- **TASK DIRECTIONS**: Without the pictures, reproduce the entries below exactly.

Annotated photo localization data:
+ + +

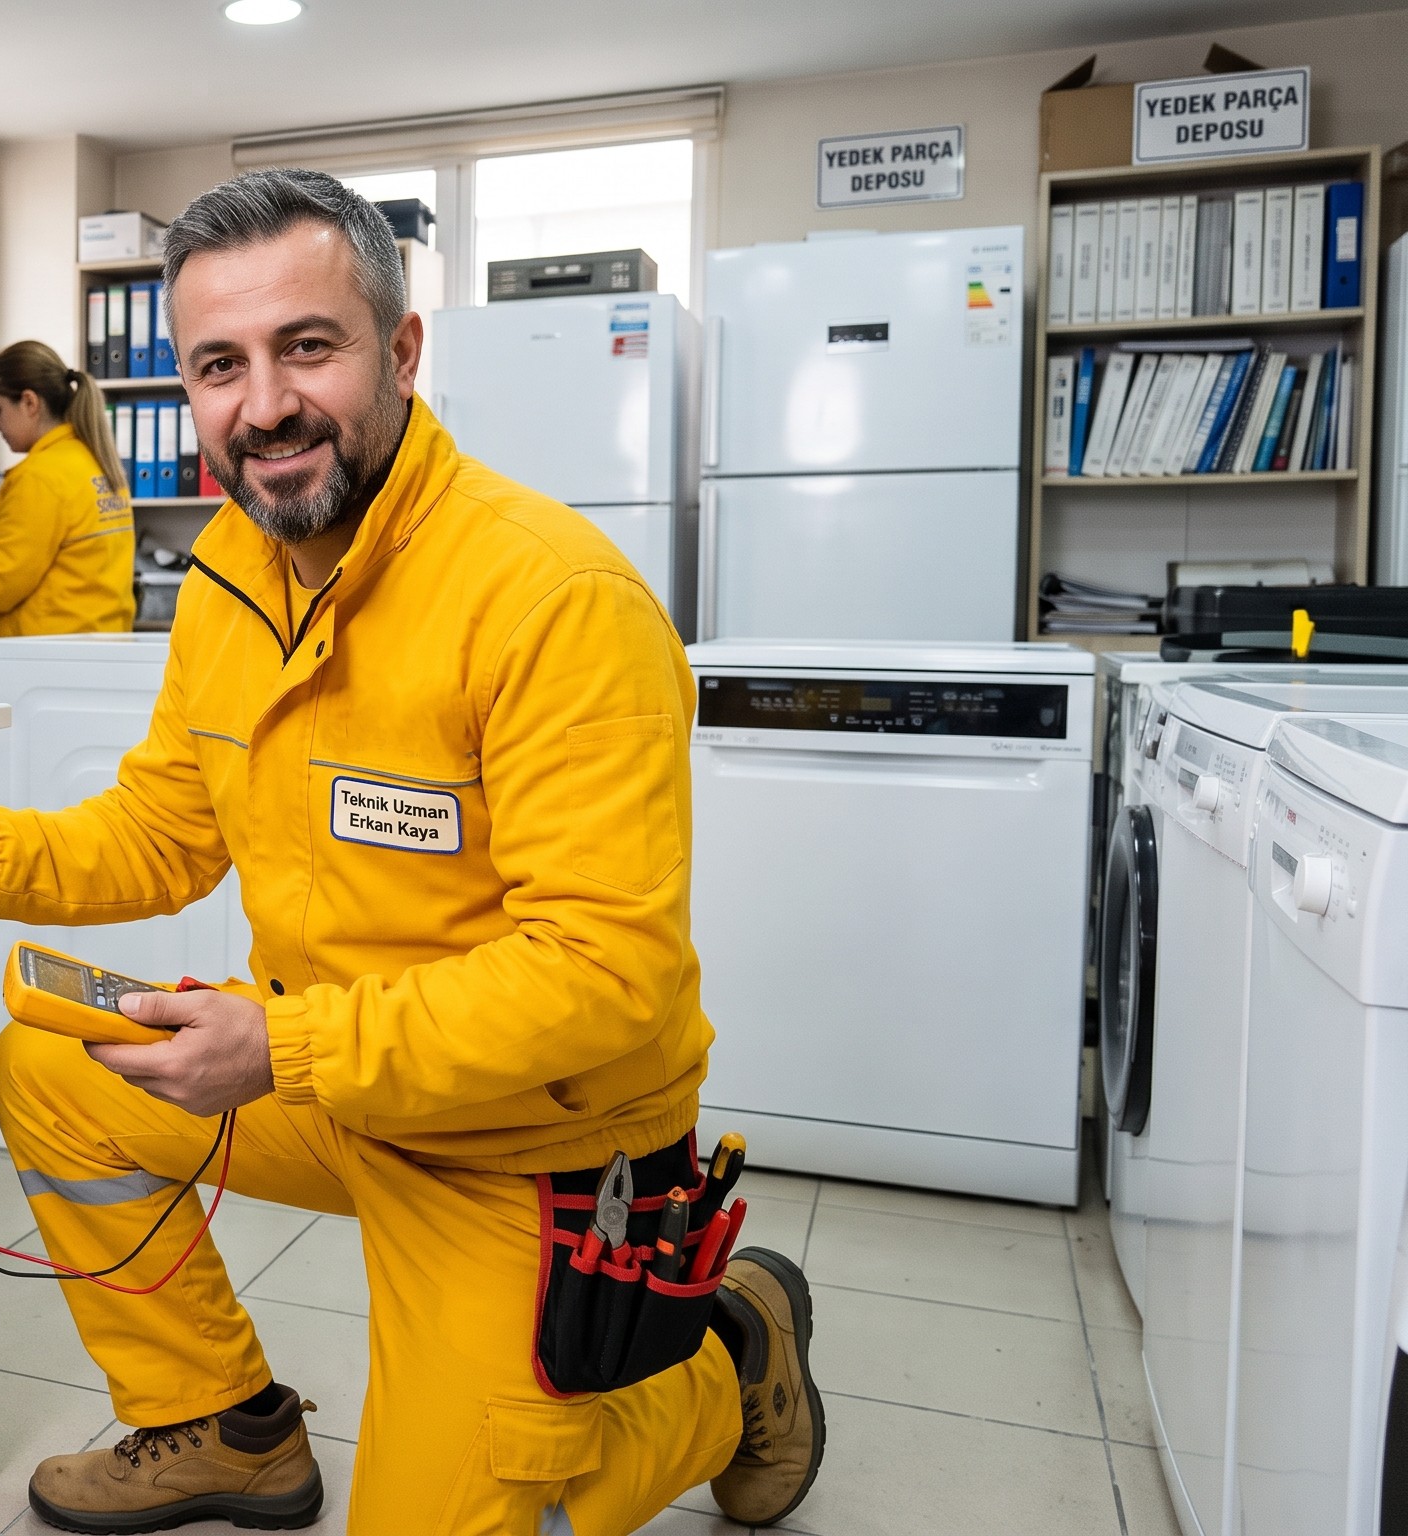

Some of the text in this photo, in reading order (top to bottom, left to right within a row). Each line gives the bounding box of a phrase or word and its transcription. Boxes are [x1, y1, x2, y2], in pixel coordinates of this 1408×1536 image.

[1146, 86, 1299, 118] YEDEK PARÇA
[1176, 119, 1264, 144] DEPOSU
[825, 140, 953, 168] YEDEK PARÇA
[851, 170, 925, 192] DEPOSU
[341, 789, 449, 819] Teknik Uzman
[349, 812, 439, 842] Erkan Kaya

+ + +

- **RESPONSE AREA**:
Some of the text in this photo, in reading order (top to bottom, left to right within a row). Each line gives the bounding box of a phrase or word and its transcription. Boxes are [x1, y1, x2, y2], in pixel coordinates of this 1408×1536 image.

[1146, 86, 1299, 118] YEDEK PARÇA
[1176, 119, 1264, 144] DEPOSU
[825, 140, 953, 168] YEDEK PARÇA
[851, 170, 925, 192] DEPOSU
[341, 789, 449, 819] Teknik Uzman
[349, 812, 439, 842] Erkan Kaya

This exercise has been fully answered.